Ahmet Eken
Kızıl Moskova
Mihail Bulgakov
Can Yayınları, 2016
Amacı yanlızca siyasal iktidarı değiştirmek olmayan, yaşamı her bir yanıyla yeniden inşa etmek, yeni bir dünya kurmak olan devrimlerin ilk zamanlarında yazılanları okumak hoş bir uğraş. Özellikle büyük laflardan ari, sıradan konular ve olaylar üzerine kaleme alınmış, günlük yaşamdan söz eden, küçük dünyalarında yaşayan insanları anlatan metinler, bir de mizahla yoğrulmuşsa keyif verdiği gibi öğretiyor ve düşündürüyor da.
Mihail Bulgakov’un (1891-1940) öykü ve köşe yazılarının bir bölümünün yer aldığı Kızıl Moskova adlı kitapta bunları görüyoruz.
Yazılar ilk kez 1921-1926 yılları arasında süreli yayınlarda yayınlanmış hicivli eleştiriler. Ancak yazar bunu sürdürememiş, tavrını beğenmeyen “büyükler” tarafından yasaklanıp sessizliğe mahkûm edilmiş. Usta ile Margarita, Genç Bir Köy Hekimi, Köpek Kalbi gibi eserleri okuyucunun karşısına Stalin’in ölümünden sonra çıkabilmiş. Kısaca, uğruna mesleği tıp doktorluğunu terk edip başladığı yazarlığın hayrını yaşarken görmemiş.
Yazılar, çoğunluk bir gazete haberinden yola çıkılarak kaleme alınmış. Yerel bir sorundan yola çıkan Bulgakov, anlatılan olaydaki tuhaflığı öne çıkararak, yaygın bir sorunu işaret ediyor. Örneğin, “Alkolizmin Yararı Üzerine” başlıklı yazısında, yerel komitenin yeniden seçimi toplantısına sarhoş gelen komite üyesini savunan yönetim başkanının öyküsünü okuyoruz. Başkan, alkolizmin sosyal bir hastalık olduğunu söyleyerek tepkileri sona erdirir. Konuşması o kadar etkili olur ki, heyecanlanan bir grup toplantı kapanmadan meyhanenin yolunu tutar! Yerel komiteye de ünlü bir alkolik seçilir.
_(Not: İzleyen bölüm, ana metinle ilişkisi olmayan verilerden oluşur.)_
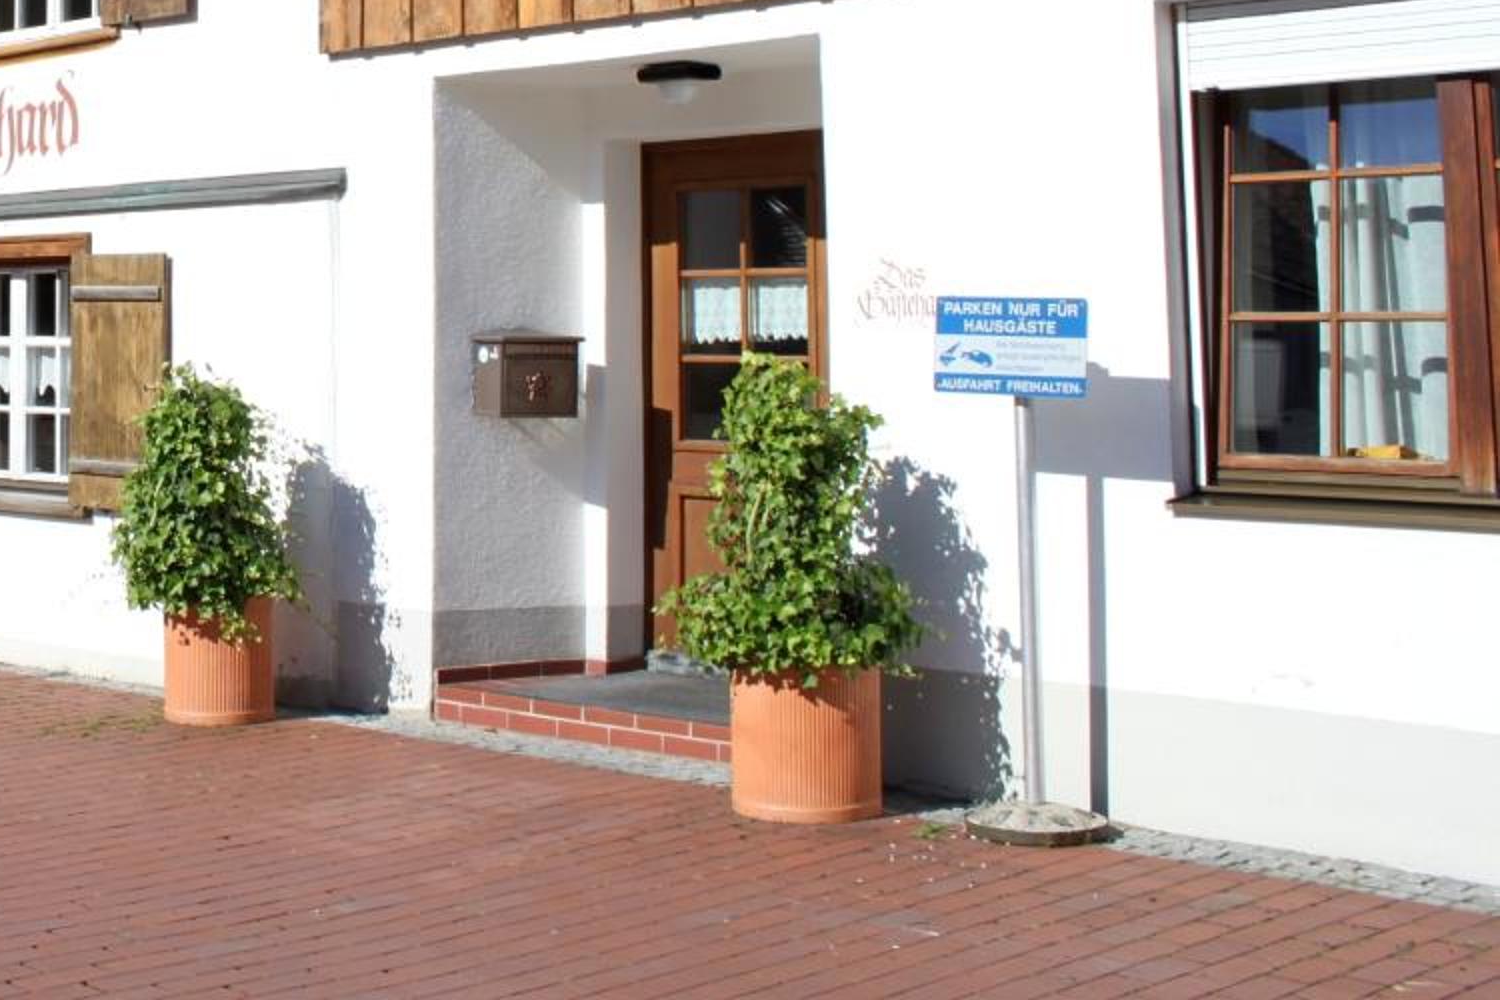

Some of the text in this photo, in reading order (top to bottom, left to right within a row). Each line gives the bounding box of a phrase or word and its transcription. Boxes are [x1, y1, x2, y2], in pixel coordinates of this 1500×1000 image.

[943, 299, 1079, 318] PARKEN NUR FÜR
[963, 315, 1057, 335] HAUSGÄSTE
[940, 378, 1001, 392] AUSFAHRT
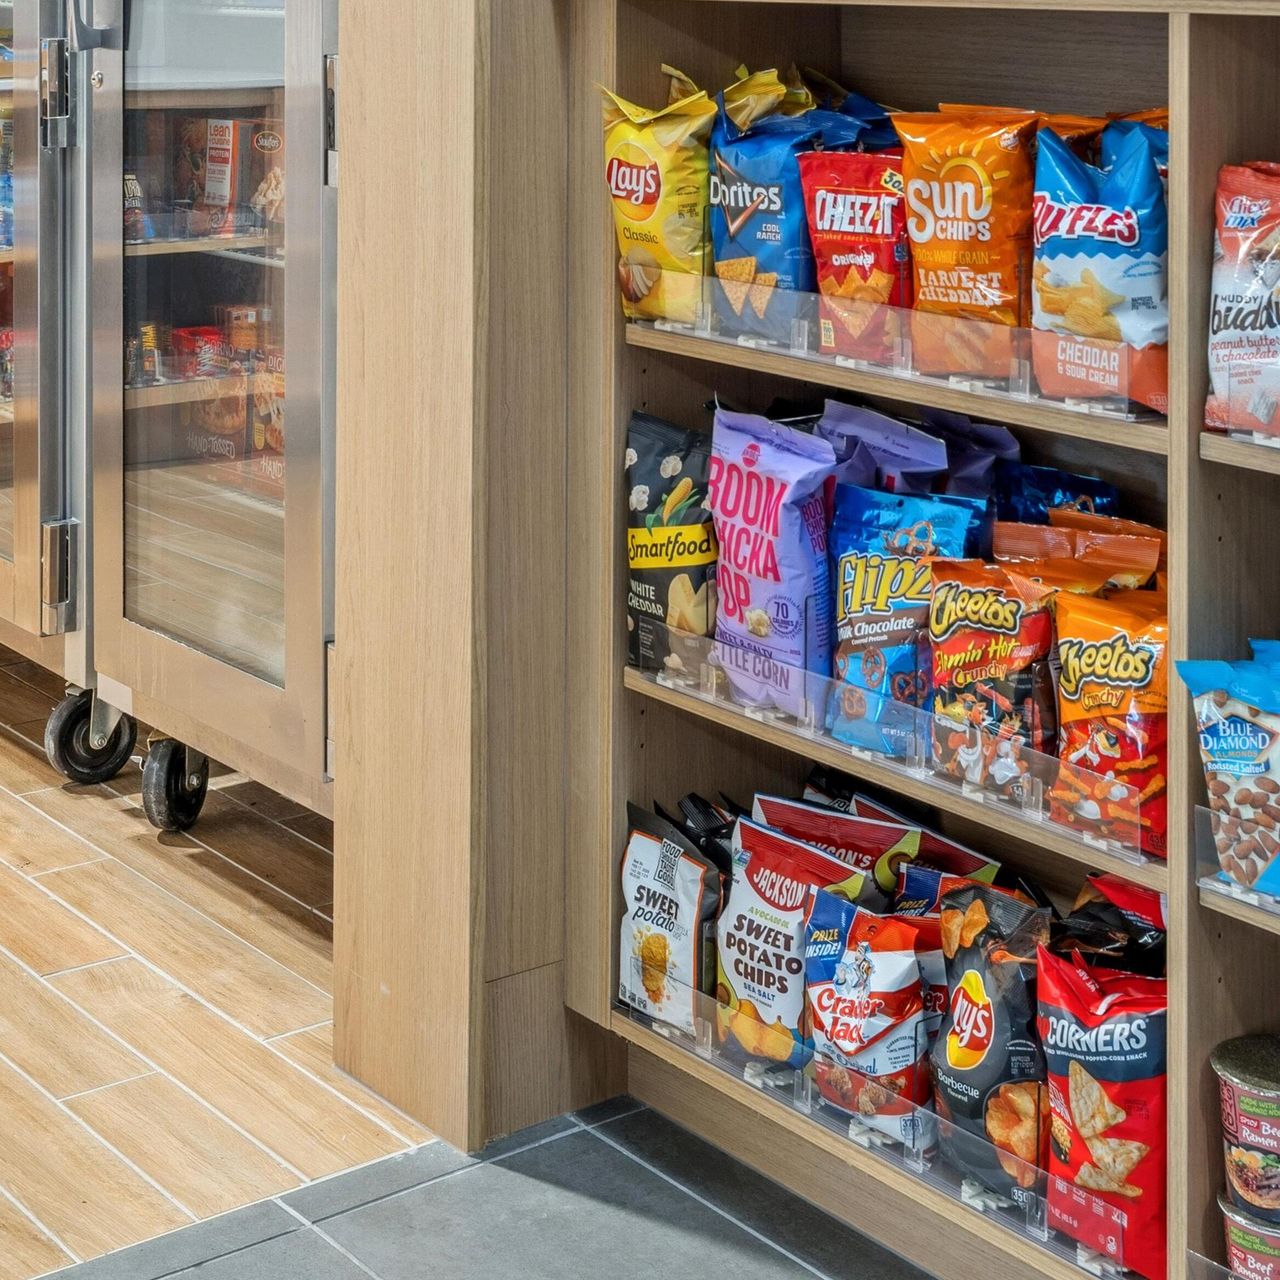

Burada değinilen, Rusların ezelî ve ebedî sorunu içki düşkünlüğünün insanları ne hâle soktuğu, nelere yol açtığı, yazılarda sıkça işlenen bir konu.
Yazarın hicvettiği bir diğer konu, memurların işgüzarlığı. Naaş sağlık ocağına getirilmediği için sağlık memurundan defin kağıdı alamayan ölü yakınlarının başına gelenler, bekâr olduğu için erzak alamayanlar, tren personeline imparatorluk ailesinin üyelerinin nasıl ağırlanacağı kohusunda hazırlanmış olan yönetmeliği hatırlatanlar, çalışma süresi uygun olmadığı için röntgen çektirmeye personelini göndermeyenler…
Bulgakov, “küçük dağları ben yarattım” diyen işgüzar yöneticileri, bürokrasiyi, rüşveti, baştan savmacılığı, yoksulluğu ve yokluğu, içki düşkünlüğünü, küçük yolsuzları, dolandırıcılıkları, adam kayırmacılığı, sorumluların gerçekleri gizlemesini, konut sıkıntısını, dedikoduyu, Yeni Ekonomik Politika’nın (NEP) ortaya çıkardığı görgüsüz yeni zenginleri, kadınlara kötü mumameleyi… küçük dünyalarda yaşananlardan söz ederek karşımıza koyuyor.
Dinleyenlerin buruk bir tebessümle izlediği hikâyeler bunlar. Ayrıca, onca zaman sonra, belgesel bir anlamı da var.